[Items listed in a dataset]
╭──

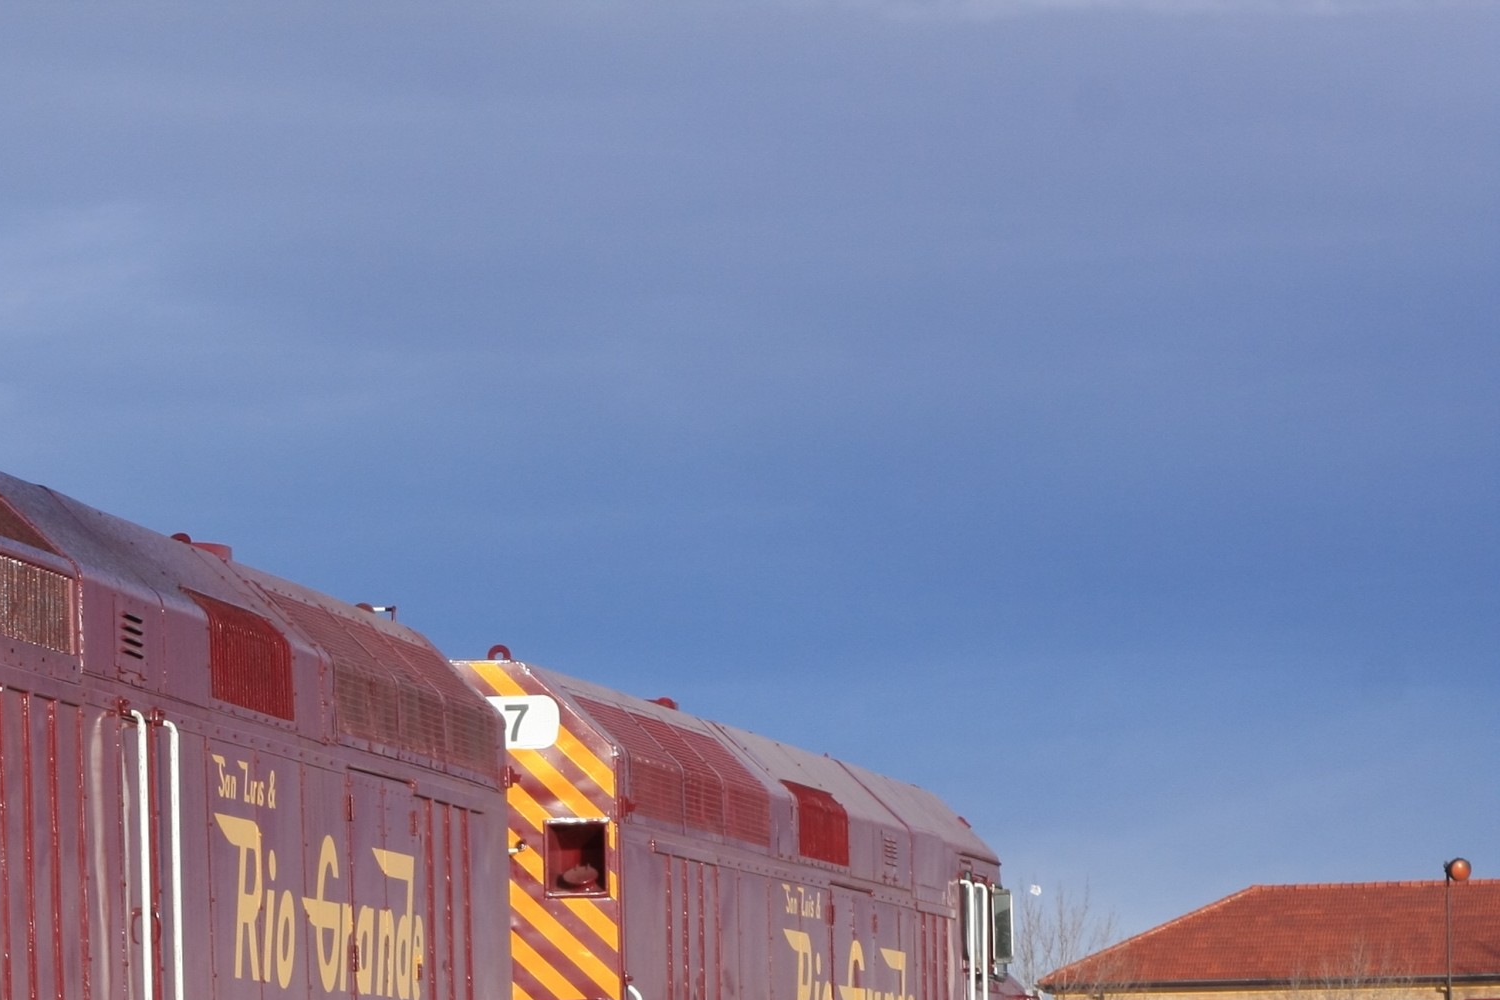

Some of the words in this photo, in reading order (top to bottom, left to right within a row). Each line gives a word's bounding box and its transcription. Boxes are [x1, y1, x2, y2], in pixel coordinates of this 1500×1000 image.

[504, 704, 529, 742] 7
[211, 754, 237, 800] San
[237, 759, 265, 807] Luis
[267, 770, 277, 810] &
[213, 812, 296, 990] Rio
[781, 883, 798, 915] San
[797, 886, 815, 918] Luis
[815, 891, 822, 920] &
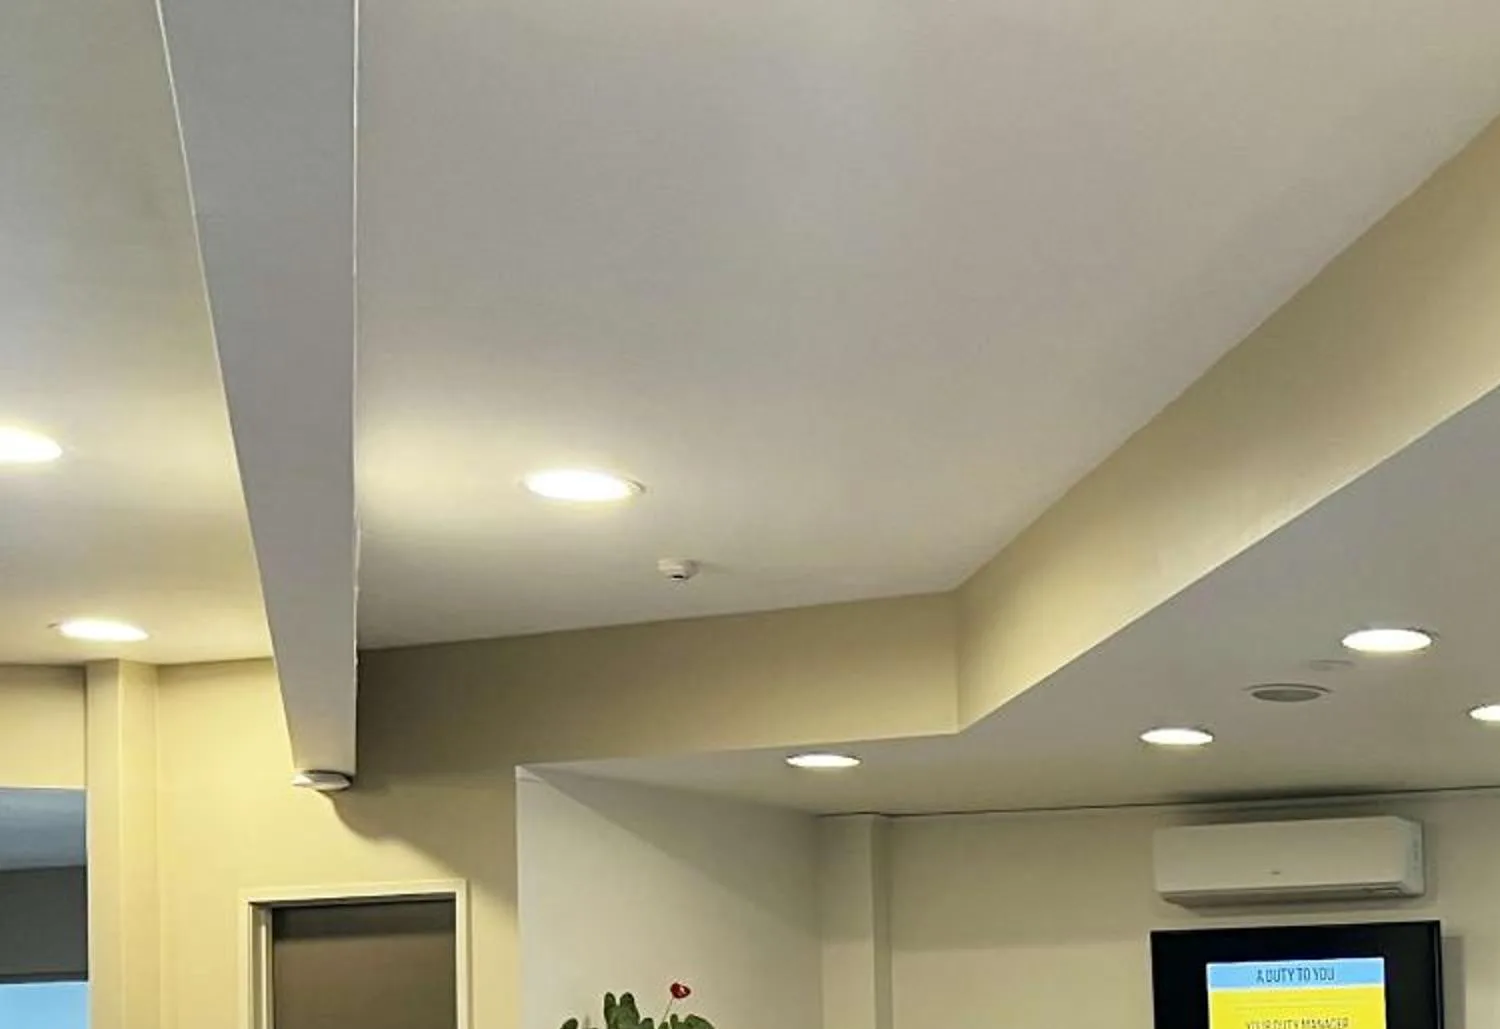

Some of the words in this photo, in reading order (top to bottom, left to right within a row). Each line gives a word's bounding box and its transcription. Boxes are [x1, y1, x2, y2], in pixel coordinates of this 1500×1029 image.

[1257, 968, 1265, 984] A
[1266, 967, 1295, 983] DUTY
[1296, 967, 1311, 981] TO
[1312, 966, 1335, 981] YOU
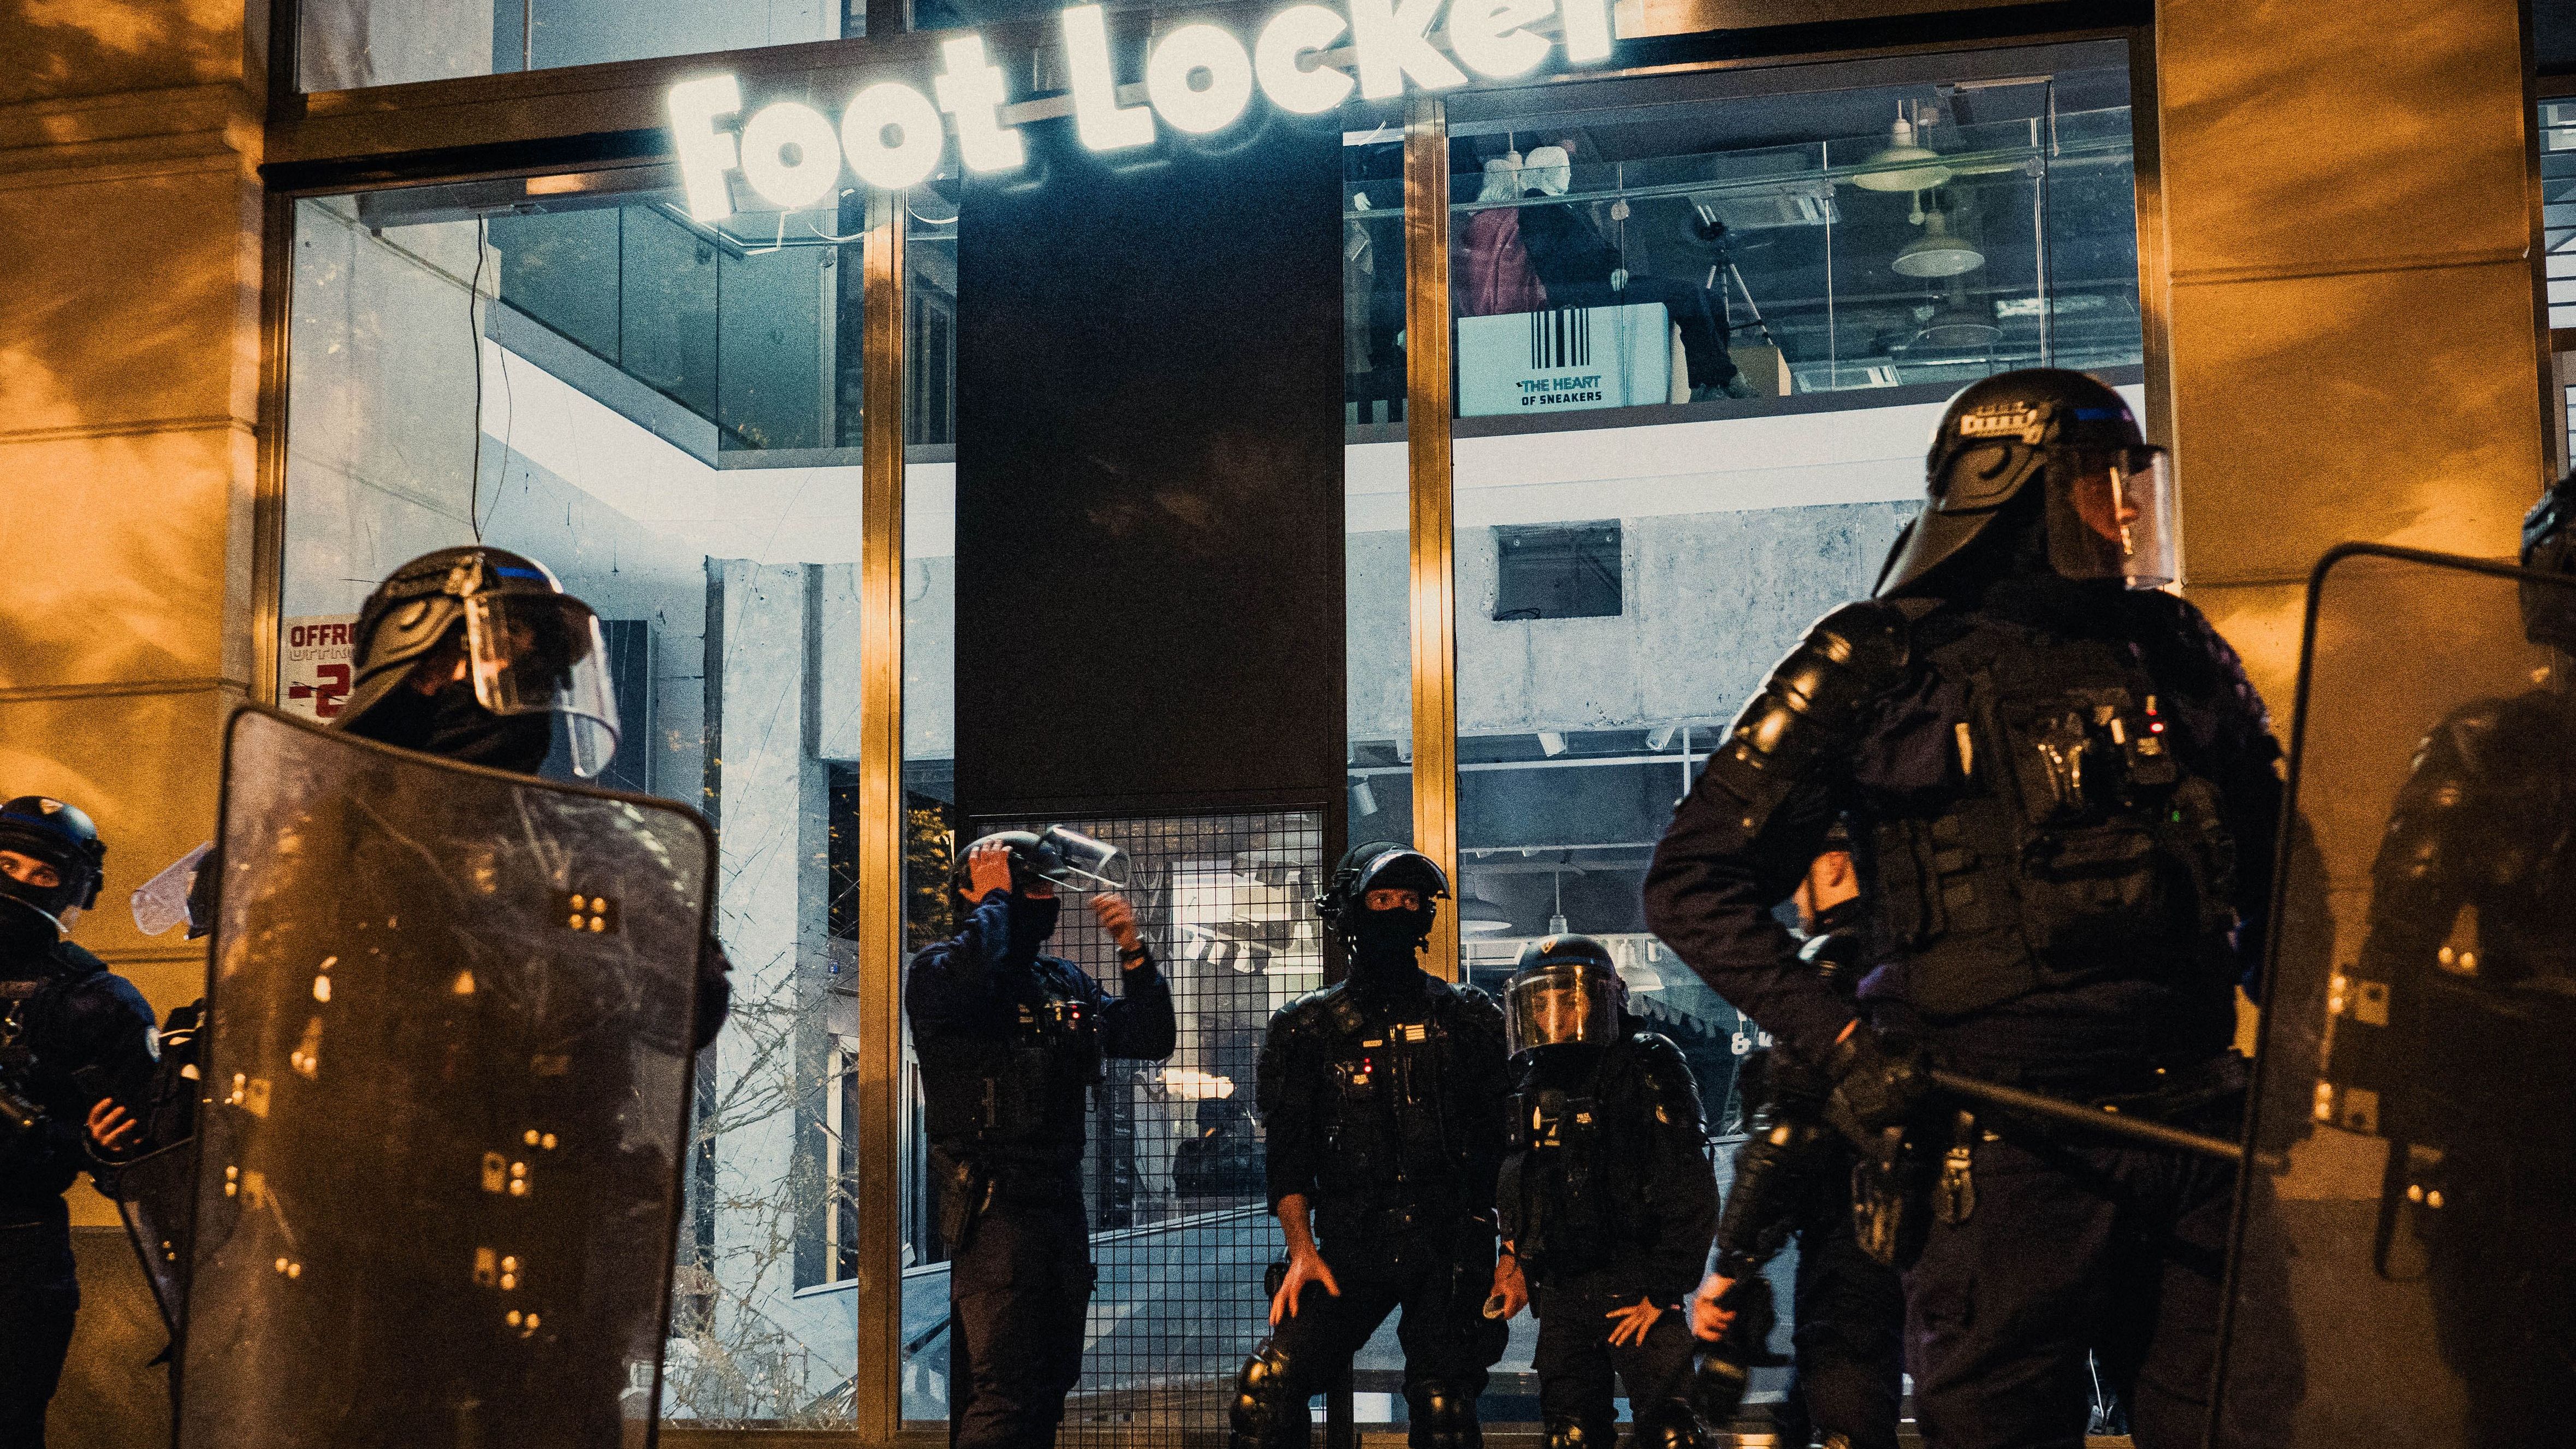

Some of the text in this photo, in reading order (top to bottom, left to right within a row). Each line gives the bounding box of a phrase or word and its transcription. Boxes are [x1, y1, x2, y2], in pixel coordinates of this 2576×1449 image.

╰──

» **INSTRUCTIONS TO FOLLOW**:
In the copy, include every line of the entries above exactly and none of the pictures.

» **OUTPUT FOR THIS TASK**:
Some of the words in this photo, in reading order (top to bottom, left to right within a row). Each line gives a word's bounding box and its transcription. Boxes are [x1, y1, x2, y2], in pixel coordinates of this 1500×1000 image.

[504, 704, 529, 742] 7
[211, 754, 237, 800] San
[237, 759, 265, 807] Luis
[267, 770, 277, 810] &
[213, 812, 296, 990] Rio
[781, 883, 798, 915] San
[797, 886, 815, 918] Luis
[815, 891, 822, 920] &

Some of the words in this photo, in reading order (top to bottom, left to right within a row). Each line gives a word's bounding box and its transcription. Boxes are [x1, y1, x2, y2], in pixel coordinates of this 1500×1029 image.

[1257, 968, 1265, 984] A
[1266, 967, 1295, 983] DUTY
[1296, 967, 1311, 981] TO
[1312, 966, 1335, 981] YOU

Some of the text in this photo, in reading order (top to bottom, left to right within a row). Each line gives the bounding box of a phrase or word and its transcription. Boxes are [x1, y1, x2, y2], in pixel coordinates of this 2576×1449 image.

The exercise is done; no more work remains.